Hillslopes As Stress-Optimizing Structures

Friday, 19 December 2014: 8:15 AM
Jens Martin Turowski1,2 and Kevin Lopez1,3, (1)GFZ German Research Centre for Geosciences, Potsdam, Germany, (2)WSL Swiss Federal Institute for Forest, Snow and Landscape Research, Birmensdorf, Switzerland, (3)Ecole Polytechnique, Palaiseau Cedex, France
Topographic heights can be viewed as structures that carry the load due to their own weight. Hillslopes evolve over time by gravity-driven processes, either directly, or through the mediator of flowing water. The distribution of gravity-induced surface stresses modulates this evolution, together with substrate properties, and in interaction with external forcing.
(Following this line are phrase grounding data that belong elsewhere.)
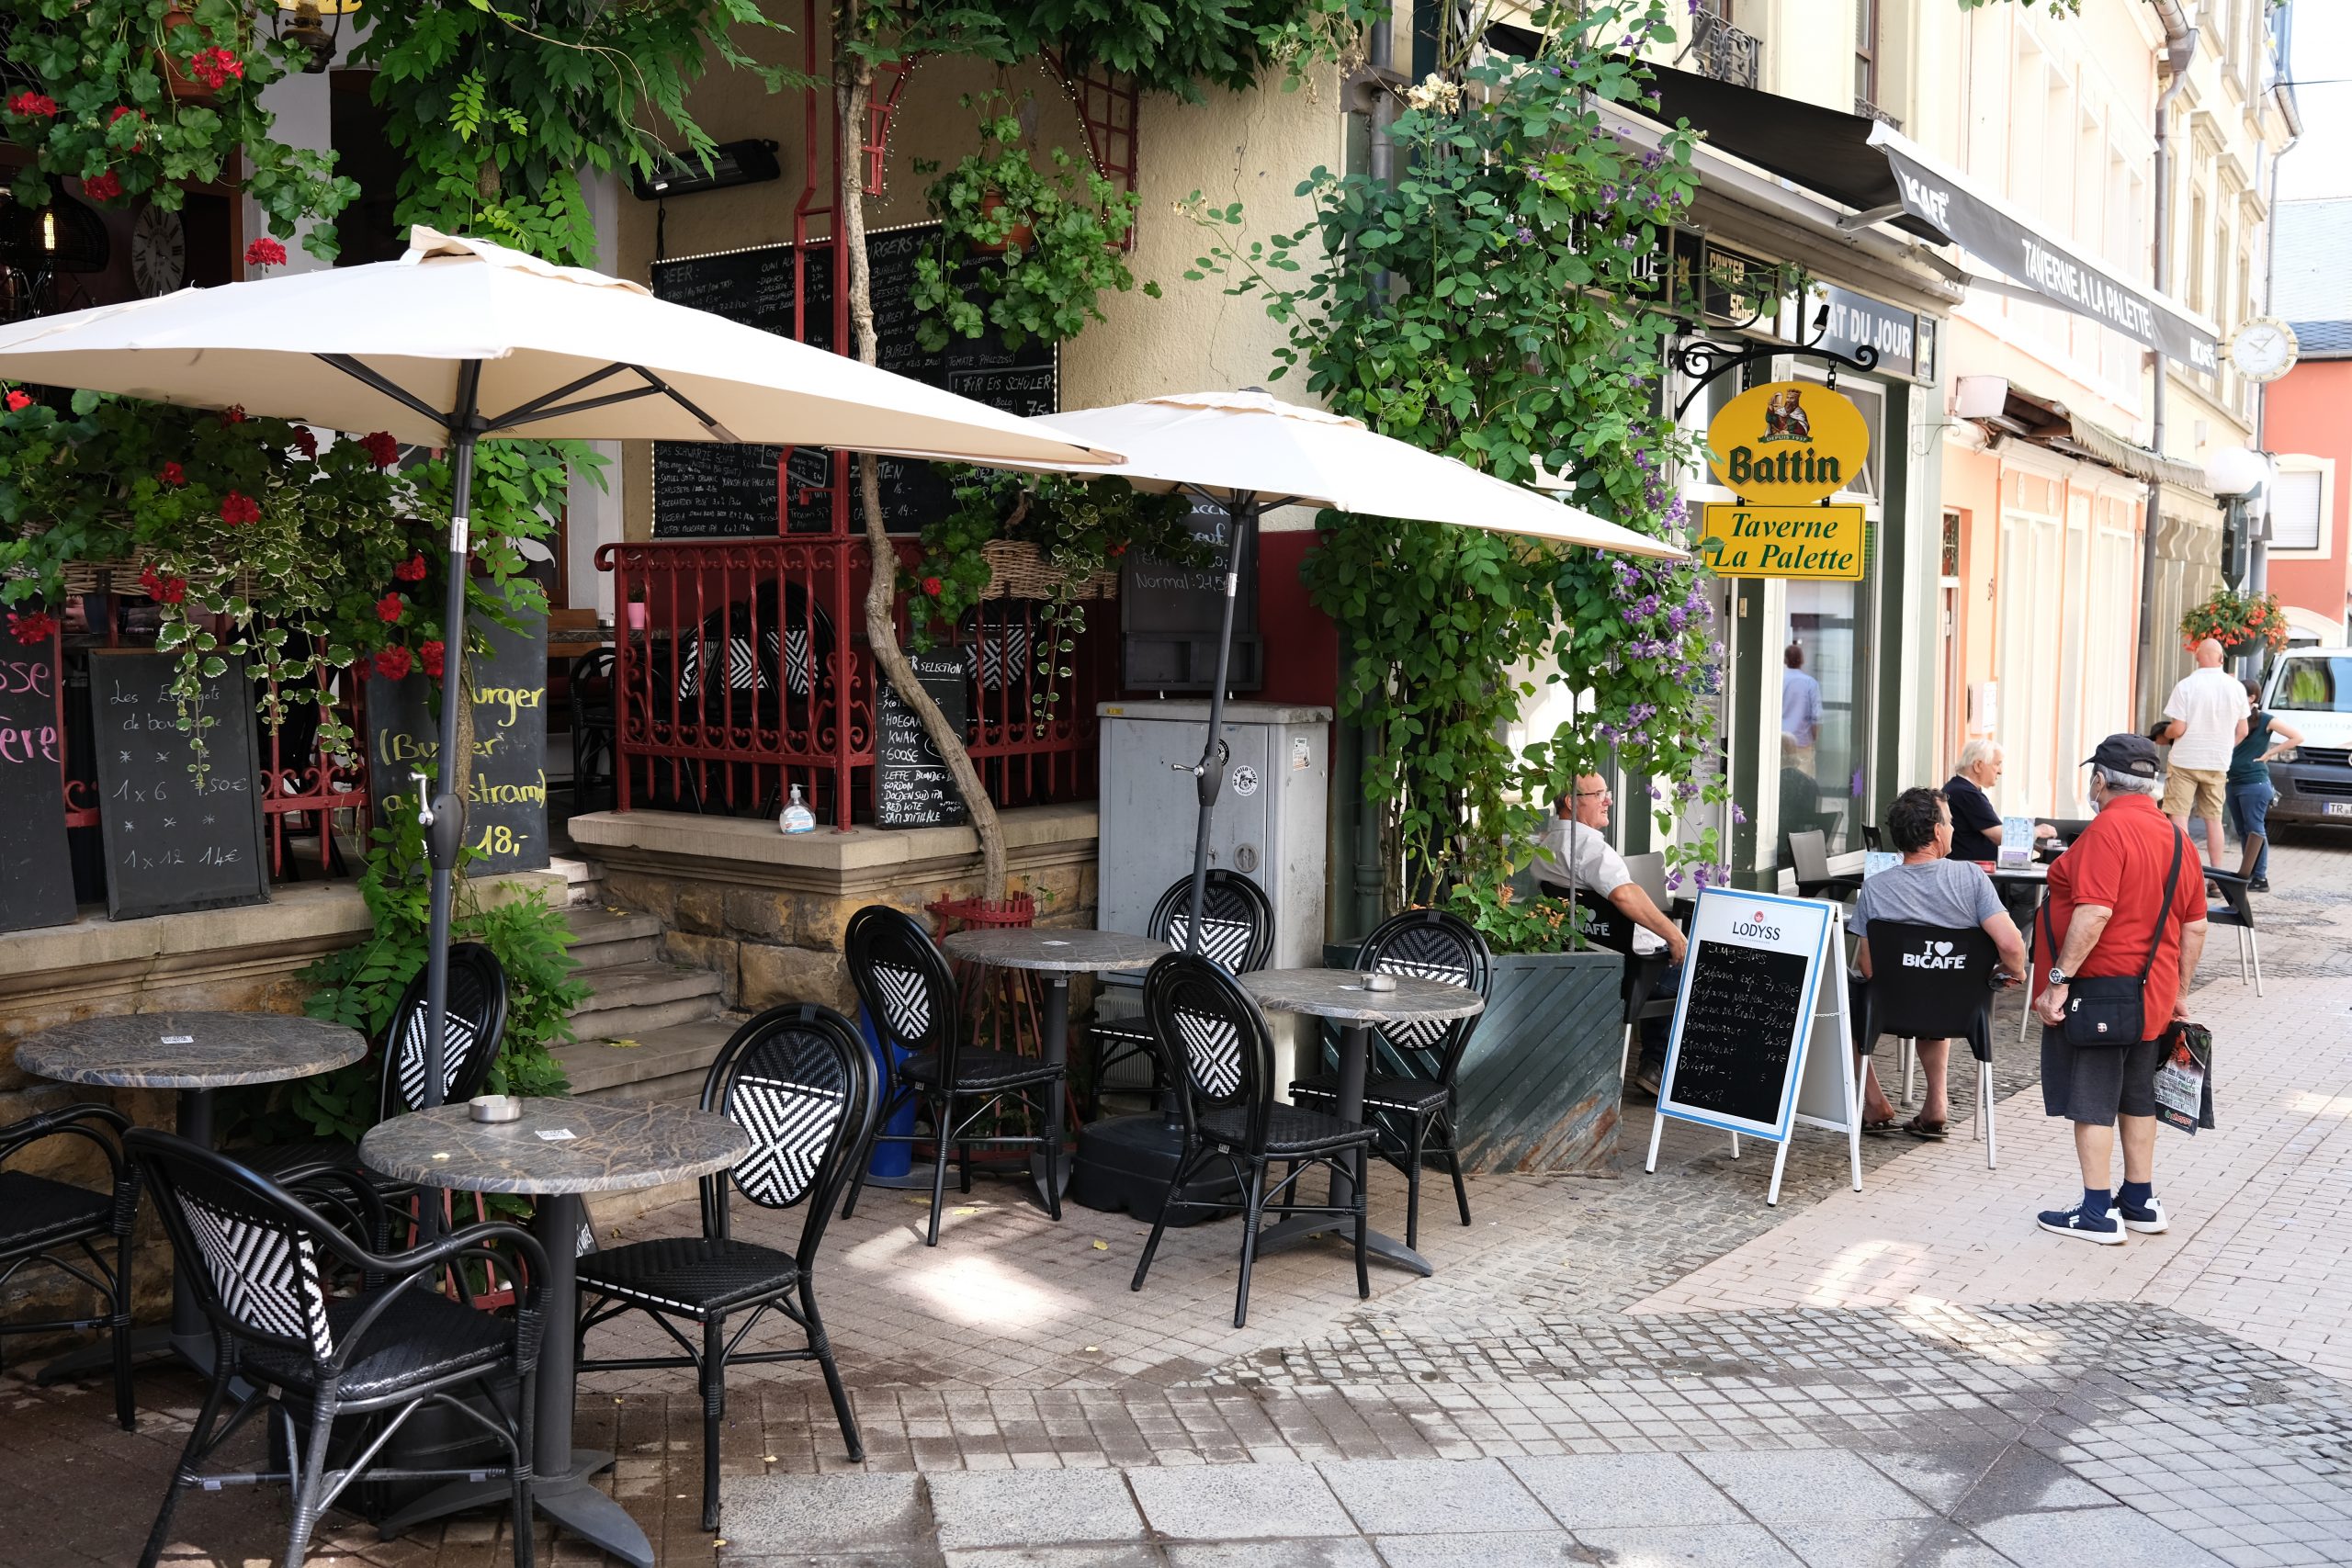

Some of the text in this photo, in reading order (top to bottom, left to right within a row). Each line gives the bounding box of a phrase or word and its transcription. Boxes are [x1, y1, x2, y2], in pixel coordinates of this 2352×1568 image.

[2021, 238, 2153, 341] TAVERNE A LA PALETTE
[1849, 308, 1871, 346] DU
[1873, 317, 1912, 360] JOUR
[1727, 446, 1842, 486] Battin
[1730, 513, 1838, 539] Taverne
[1713, 543, 1853, 571] La Palette
[110, 679, 140, 706] Les
[122, 712, 141, 732] de
[888, 728, 919, 745] KWAK
[886, 748, 920, 763] GOOSE
[154, 780, 167, 801] 6
[886, 801, 902, 813] RED
[2330, 803, 2343, 814] TR
[478, 825, 530, 857] 18,-
[198, 845, 243, 864] 14€
[1732, 920, 1781, 942] LODYSS
[1923, 940, 1934, 956] I
[1902, 953, 1968, 970] BICAFÉ
If the stress vector at the surface of the slope has a surface-normal component, the detachment of material may be eased or made more difficult. Here, we propose that hillslopes evolve to obtain a stress-optimized form wherein at the surface, the vectors of stresses are everywhere parallel to the surface, and total strain is equal along every horizontal and vertical section. These conditions yield an optimal hillslope shape. There are two solutions for this shape, which are self-similar, such that the scale is dependent on a single length parameter, the base width of the structure. We present examples of optimal hillslopes, and discuss the general implications of this paradigm.